“The problem is Harvard itself, what it believes, and its commitment to an insidious ideology—best-recognized by its acronym, DEI, for diversity, equity, and inclusion—that is inherently opposed to the notion of free and unfettered exchange of ideas.”
Claudine Gay may have stepped down, but DEI and the ideology behind it has a firm grip on the school. Is it just too late?
Liel Leibovitz writes at City Journal:
Opportunity, Not Tragedy
If you’ve ever watched a monster movie, you know the scene. The triumphant heroes walk away, the creature they had just vanquished left for dead behind them. And then, in a furious flash just before the credits start rolling, it opens its eyes and pounces, assuring us that evil never truly dies and that the sequel is coming.
That was the vibe at Harvard University last week. No sooner was its purported plagiarist president, Claudine Gay, forced to step down after struggling to find fault with calls on campus for genocide against Jews than the haughtiest Ivy found itself in trouble again. The university had announced the creation of an anti-Semitism task force, but before it could even convene, some critics pointed out that its co-chairman, history professor Derek Penslar, wasn’t exactly the man for the job.
Penslar, wrote the university’s former president, Lawrence Summers, “has publicly minimized Harvard’s anti-Semitism problem, rejected the definition used by the US government in recent years of anti-Semitism as too broad, invoked the need for the concept of settler colonialism in analyzing Israel, referred to Israel as an apartheid state and more.” Harvard, Summers went on, would never appoint anyone who made light of racism, say, to an anti-racism task force, which only proved the existence of a “double standard between anti-Semitism and other forms of prejudice.”
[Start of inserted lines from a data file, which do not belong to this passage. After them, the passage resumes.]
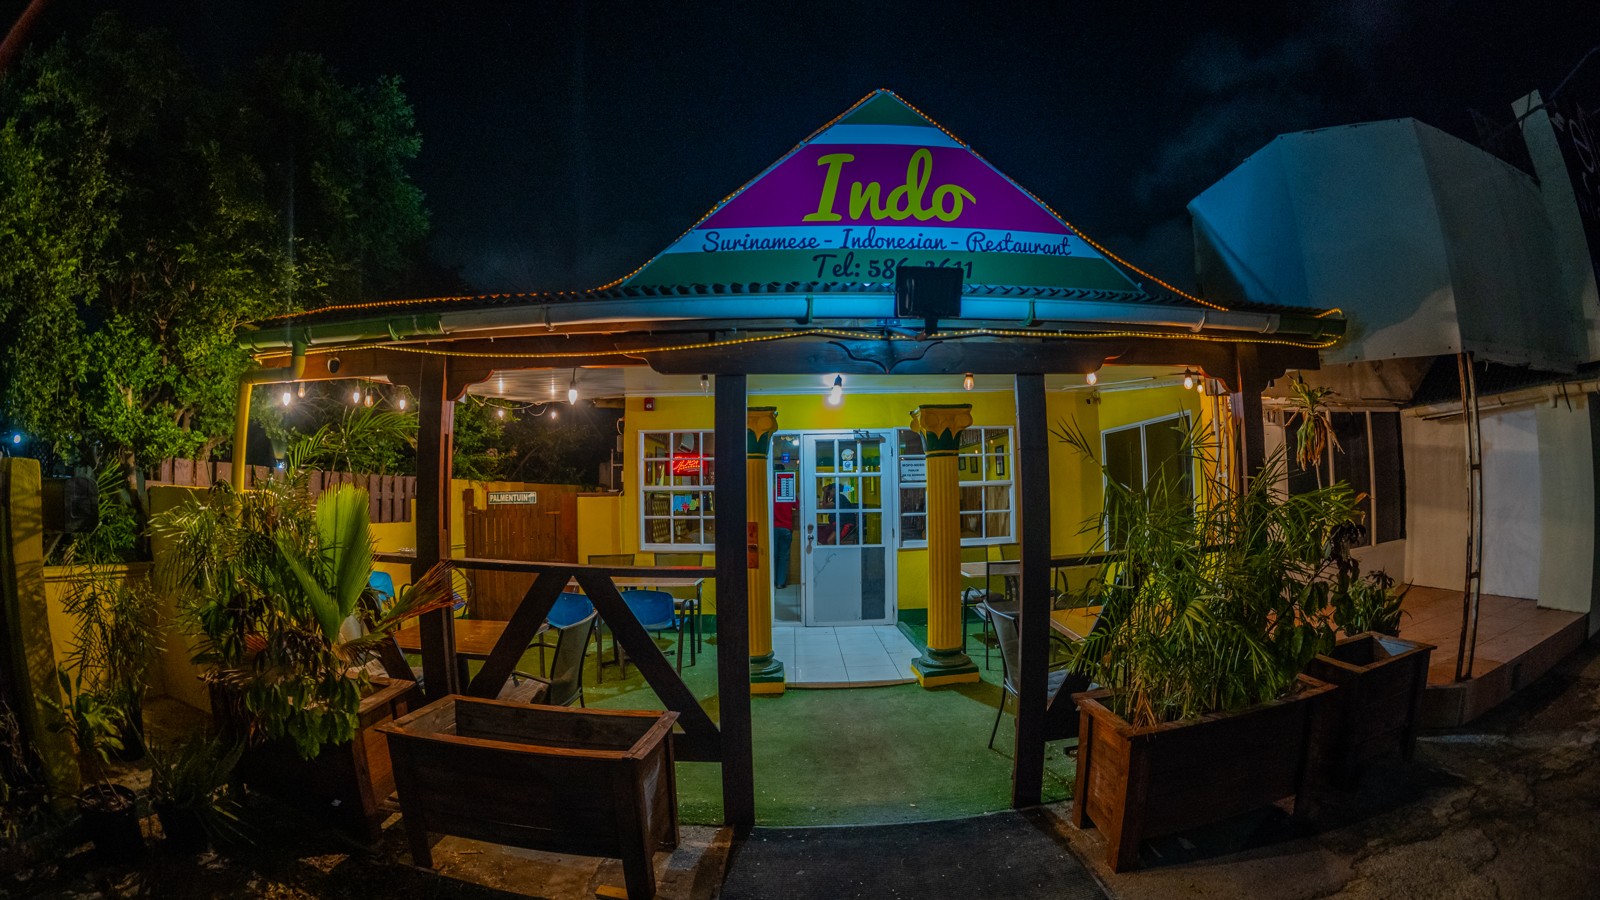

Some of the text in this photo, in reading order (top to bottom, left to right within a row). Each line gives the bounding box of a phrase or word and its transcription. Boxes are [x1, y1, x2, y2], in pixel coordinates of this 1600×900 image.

[802, 148, 977, 222] Indo
[702, 231, 820, 253] Surinamese
[839, 226, 947, 250] Indonesian
[966, 231, 1072, 256] Restaurant
[812, 251, 861, 279] Tel:
[490, 494, 527, 502] PALMENTUIN
Summers and Harvard’s other critics are right about the facts but entirely wrong when it comes to the bigger picture. The problem isn’t really Penslar or Gay, and it won’t be solved by a task force, however honest and well intentioned. The problem is Harvard itself, what it believes, and its commitment to an insidious ideology—best-recognized by its acronym, DEI, for diversity, equity, and inclusion—that is inherently opposed to the notion of free and unfettered exchange of ideas.
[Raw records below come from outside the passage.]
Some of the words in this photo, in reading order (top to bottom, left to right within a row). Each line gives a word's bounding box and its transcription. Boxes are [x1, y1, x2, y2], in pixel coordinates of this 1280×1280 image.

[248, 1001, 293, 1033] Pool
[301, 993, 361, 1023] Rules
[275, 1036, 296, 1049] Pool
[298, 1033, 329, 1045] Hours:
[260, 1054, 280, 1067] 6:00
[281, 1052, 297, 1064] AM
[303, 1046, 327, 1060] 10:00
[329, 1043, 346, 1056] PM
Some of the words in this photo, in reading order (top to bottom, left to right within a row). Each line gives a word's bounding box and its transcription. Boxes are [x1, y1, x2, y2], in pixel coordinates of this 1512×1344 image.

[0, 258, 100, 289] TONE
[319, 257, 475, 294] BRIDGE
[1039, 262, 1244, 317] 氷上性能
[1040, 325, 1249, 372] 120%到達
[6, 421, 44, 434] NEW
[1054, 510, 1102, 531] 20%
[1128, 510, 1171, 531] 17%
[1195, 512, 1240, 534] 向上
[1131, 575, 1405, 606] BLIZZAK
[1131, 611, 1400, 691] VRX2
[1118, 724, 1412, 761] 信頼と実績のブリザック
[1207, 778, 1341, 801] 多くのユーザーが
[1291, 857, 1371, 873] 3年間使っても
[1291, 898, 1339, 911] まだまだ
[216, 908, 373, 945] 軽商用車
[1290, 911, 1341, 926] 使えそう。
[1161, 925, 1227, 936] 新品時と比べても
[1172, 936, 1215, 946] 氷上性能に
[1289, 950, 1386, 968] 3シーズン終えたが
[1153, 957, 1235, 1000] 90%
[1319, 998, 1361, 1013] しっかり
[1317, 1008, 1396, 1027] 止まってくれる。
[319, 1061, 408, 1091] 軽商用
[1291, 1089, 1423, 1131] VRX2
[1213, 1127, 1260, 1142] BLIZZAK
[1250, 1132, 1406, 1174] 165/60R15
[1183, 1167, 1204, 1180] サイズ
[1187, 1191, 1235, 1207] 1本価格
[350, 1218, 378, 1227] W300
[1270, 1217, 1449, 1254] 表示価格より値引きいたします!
Consider another recent Harvard initiative, one receiving far less attention from the billionaires who worked to save Harvard by defenestrating Gay. The university’s FXB Center for Health and Human Rights is now offering a three-week, intensive “Palestine Social Medicine Course” designed to “introduce students to the social, structural, political, and historical aspects that determine Palestinian health beyond the biological basis of disease.”
Are you confused about that last part? Were you brought up to believe that disease is a medical condition caused by things like pathogens and therefore, you know, pretty much all about biology? No worries: the first aim of the course is to introduce you to “structural humility,” or the idea that you shouldn’t bother your teachers and fellow students with things like questions or facts.